Exercise goal:
Send back the data below exactly. Drop every picture.
──────────
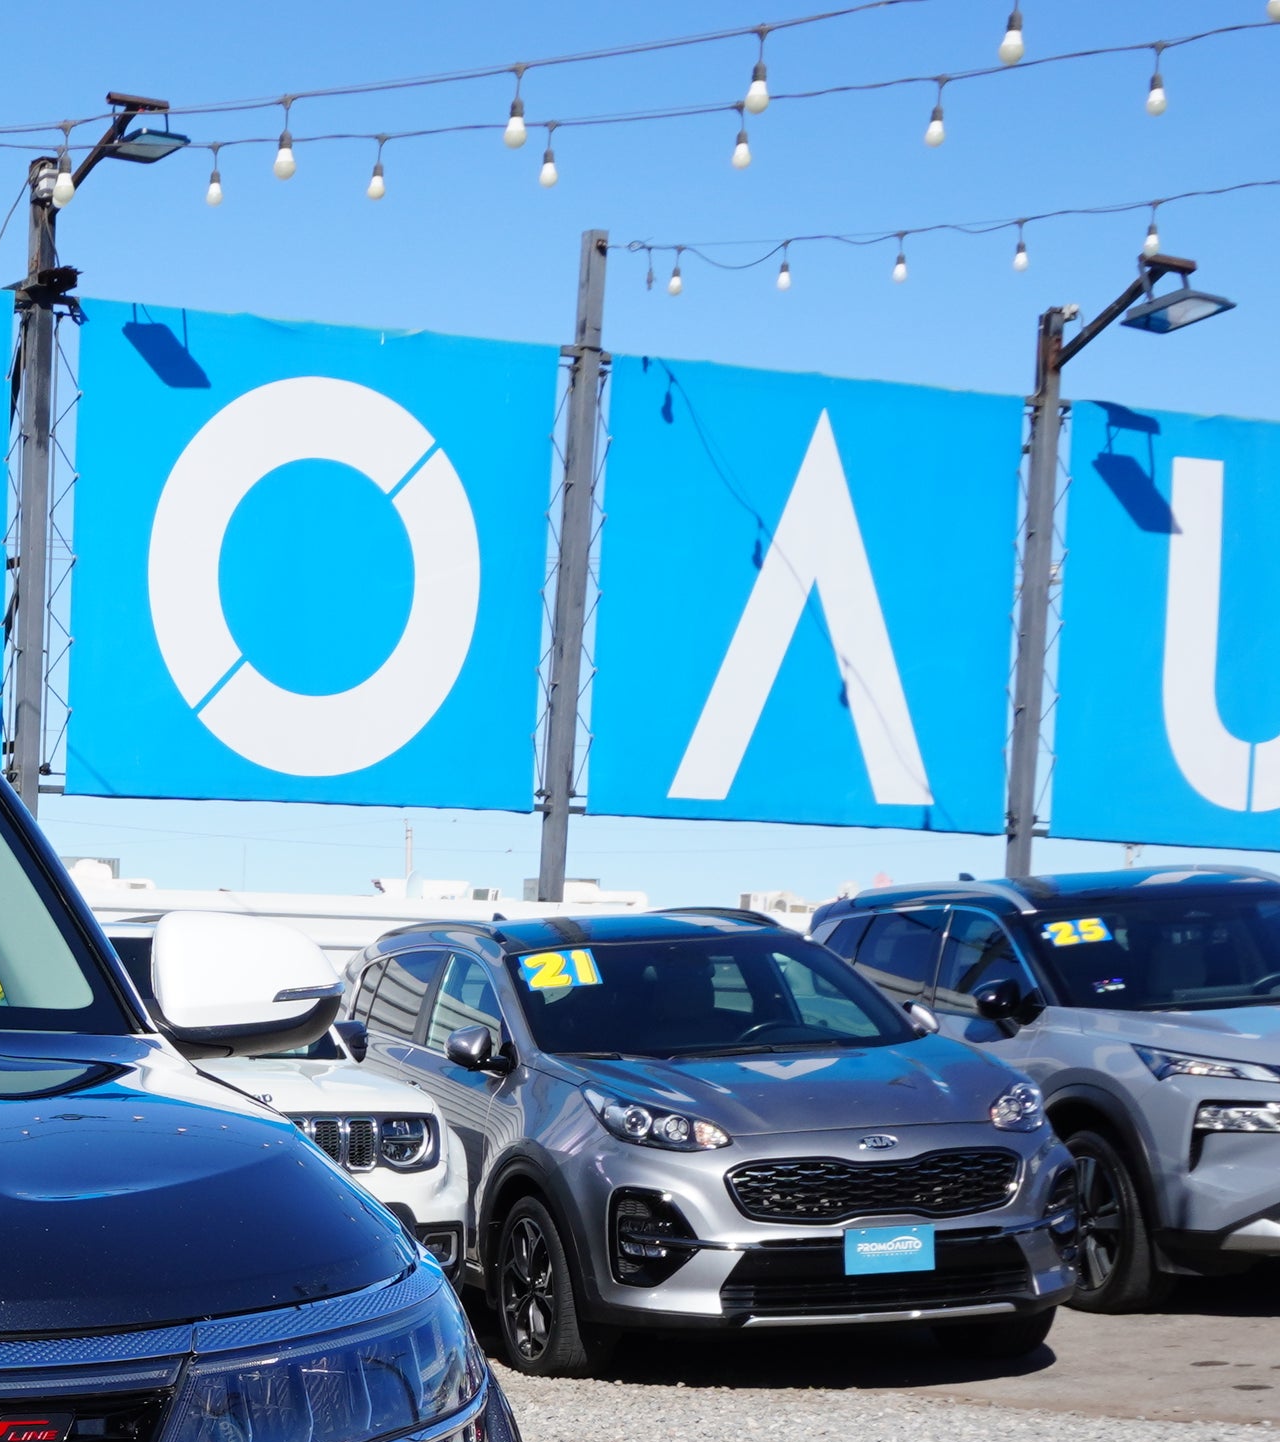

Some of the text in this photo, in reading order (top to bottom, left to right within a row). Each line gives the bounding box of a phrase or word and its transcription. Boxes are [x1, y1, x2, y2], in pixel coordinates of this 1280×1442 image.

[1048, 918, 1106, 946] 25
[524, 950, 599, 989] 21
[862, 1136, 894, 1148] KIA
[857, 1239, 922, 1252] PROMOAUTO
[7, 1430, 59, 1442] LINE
──────────
Completed exercise:
Some of the text in this photo, in reading order (top to bottom, left to right within a row). Each line gives the bounding box of a phrase or word and its transcription. Boxes are [x1, y1, x2, y2], in pixel coordinates of this 1280×1442 image.

[1048, 918, 1106, 946] 25
[524, 950, 599, 989] 21
[862, 1136, 894, 1148] KIA
[857, 1239, 922, 1252] PROMOAUTO
[7, 1430, 59, 1442] LINE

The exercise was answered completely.